TASK BRIEF
Copy every line of the data exactly, keeping out any picture.

Referring expression grounding data:
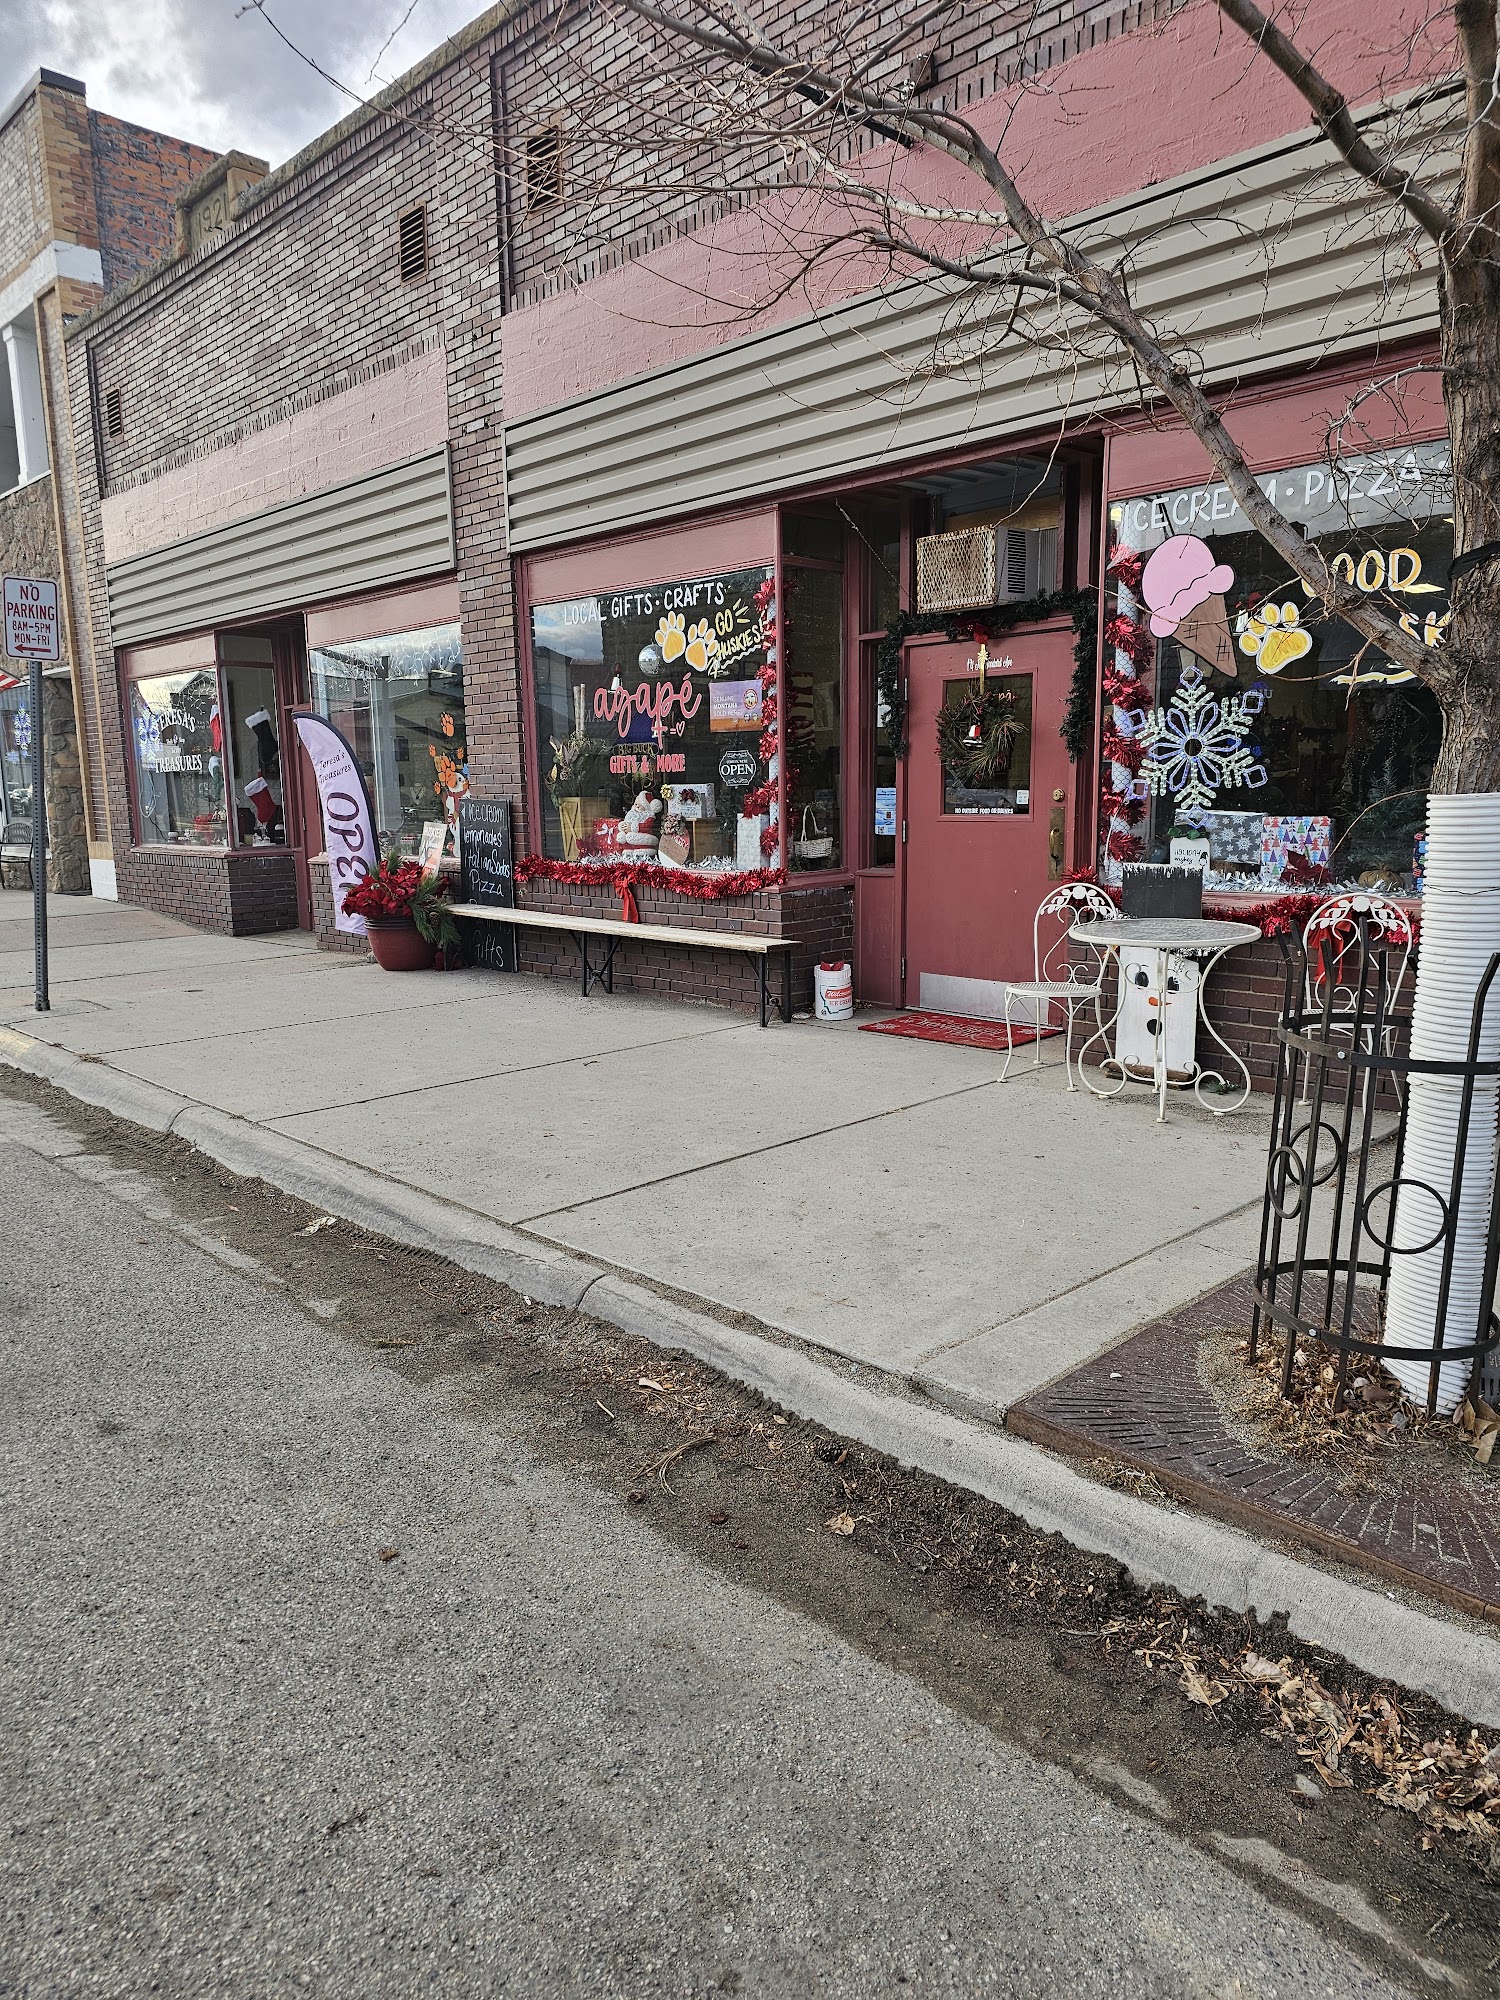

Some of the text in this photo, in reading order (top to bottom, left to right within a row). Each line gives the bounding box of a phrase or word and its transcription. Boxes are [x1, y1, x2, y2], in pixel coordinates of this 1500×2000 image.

[199, 192, 227, 239] 1921
[1305, 453, 1422, 505] PIZZA
[1302, 548, 1422, 598] OOD
[20, 585, 40, 601] NO
[564, 581, 725, 626] LOCAL GIFTS CRAFTS
[7, 602, 55, 621] PARKING
[715, 608, 734, 636] GO
[12, 620, 51, 634] 8AM-5PM
[14, 632, 50, 645] MON-FRI
[593, 672, 703, 750] agapé
[154, 753, 203, 775] TREASURES
[319, 750, 345, 772] Teresa's
[609, 753, 686, 774] GIFTS & MORE
[721, 763, 754, 776] OPEN
[318, 764, 353, 785] Treasures
[469, 869, 504, 898] Pizza

EXERCISE RESULT
Some of the text in this photo, in reading order (top to bottom, left to right within a row). Each line gives the bounding box of a phrase or word and its transcription. Boxes are [x1, y1, x2, y2], in pixel coordinates of this 1500×2000 image.

[199, 192, 227, 239] 1921
[1305, 453, 1422, 505] PIZZA
[1302, 548, 1422, 598] OOD
[20, 585, 40, 601] NO
[564, 581, 725, 626] LOCAL GIFTS CRAFTS
[7, 602, 55, 621] PARKING
[715, 608, 734, 636] GO
[12, 620, 51, 634] 8AM-5PM
[14, 632, 50, 645] MON-FRI
[593, 672, 703, 750] agapé
[154, 753, 203, 775] TREASURES
[319, 750, 345, 772] Teresa's
[609, 753, 686, 774] GIFTS & MORE
[721, 763, 754, 776] OPEN
[318, 764, 353, 785] Treasures
[469, 869, 504, 898] Pizza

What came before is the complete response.